Dig Deeply

dig deeply2

“Explore me, O God, and know the real me. Dig deeply and discover who I am. Put me to the test and watch how I handle the strain. Psalm 139:23 The Voice

This is a cry for intimacy.  When we share intimate space with someone, we get to know the good, the bad and the ugly (and of course there is a preponderance of beauty as well!).  The bottom line is there can be no secrets.  Nothing can be hidden. There is no room for it.

I love The Voice version because you can hear the pain in this cry “Dig deeply…Put me to the test…watch how I handle the strain.” So when this happens, we get at the truth of the matter. So here is what was uncovered for me: anxiety, doubt, worry, fear of man, unhealthy connection to people, performance, rejection and fear.

This made me so angry!  It was a list I was familiar with.  I was so tired of the same list popping up time and time again. After a growl, I asked the Lord to deliver me.  I was done with it.  I prayed in the Spirit for thirty minutes because I didn’t trust my own heart to get at the ugly stuff that seemed to be hanging around.  There was a shift!  My heart was lighter. My mind was clearer. I had more energy. It was amazing.  I’ve heard testimonies and sermons about praying in the Spirit but this application was even more validating and faith building. Cool. God gives us all the instructions and the tools.  We just have to use them.
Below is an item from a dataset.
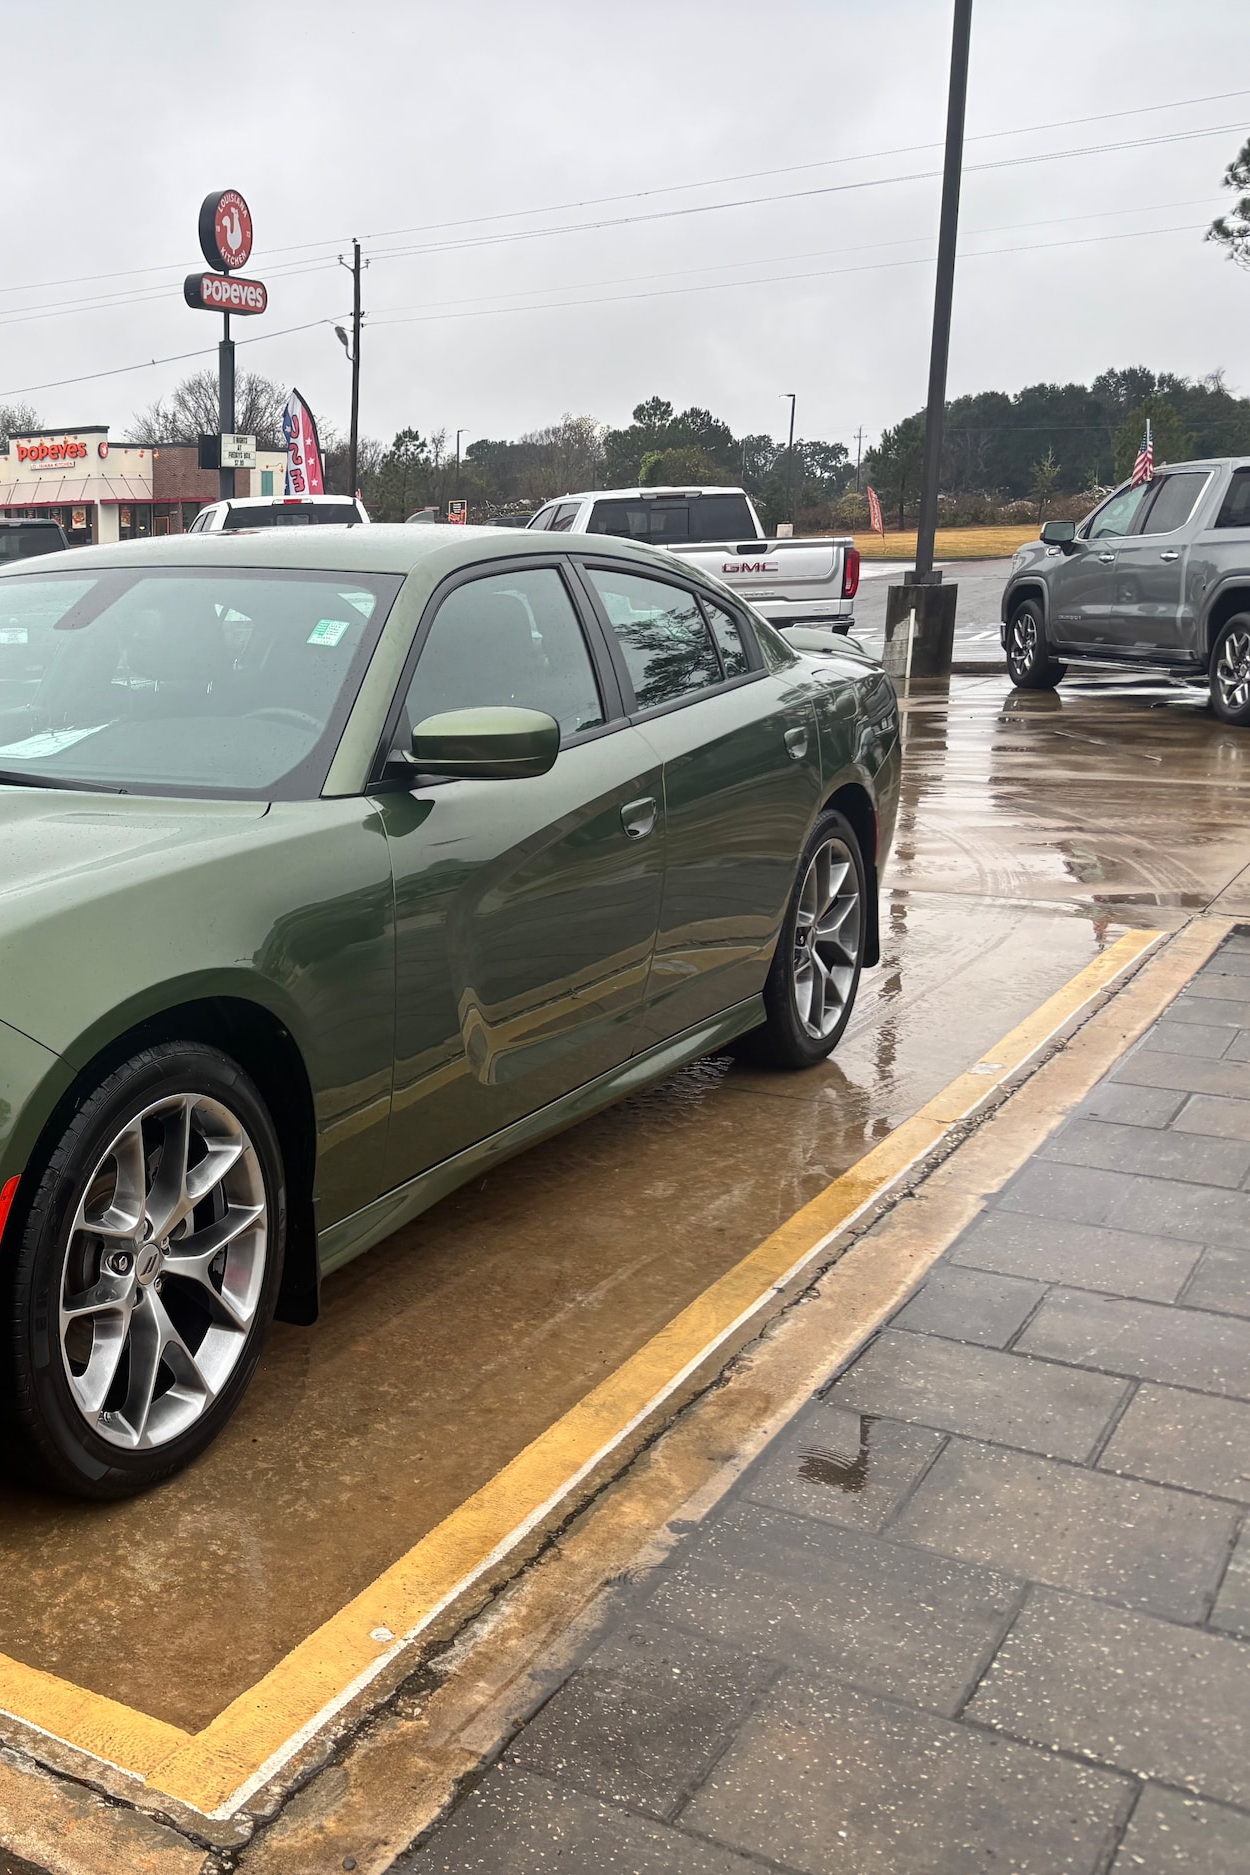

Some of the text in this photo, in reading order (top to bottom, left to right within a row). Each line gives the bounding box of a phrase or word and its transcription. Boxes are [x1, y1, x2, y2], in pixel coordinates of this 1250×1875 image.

[218, 193, 248, 218] LOUISIANA
[219, 247, 247, 266] KITCHEN
[722, 562, 778, 573] GMC
Lord, thank you for every piece of instruction and tool You have provided. I pray i exercise them all to the fullest!

Psalm 139, John 14:26



He Loves Me Anyway

he loves me anyway

“Explore me, O God, and know the real me. Dig deeply and discover who I am. Put me to the test and watch how I handle the strain.” Psalm 139:23 The Voice

I read this verse today and thought “Why in the world would I ask for this?” Search my heart and mind and soul and desires and put them all to the test.  Huh.  I really have to think about that.

Then I read the entire Psalm, verses 1-24. What I saw was all the beauty of intimacy and unconditional love and reliance on God. I am foolish to think that I can hide anything from Him. I am also foolish not to realize that He decided to love me long ago… anyway. He knew about every bad decision I was going to make before I did.  All of them.  And He loves me anyway.  He still showers me with love and compassion and His tender mercy.  There are days that I feel like I can wrap my head around a small piece of His love for me but I always know that it’s so much bigger than I can even imagine.  It makes me thankful and gives me encouragement to continue to stretch into the person that He designed me to be.  It also gives me courage and strength to love others the way He loves me….anyway.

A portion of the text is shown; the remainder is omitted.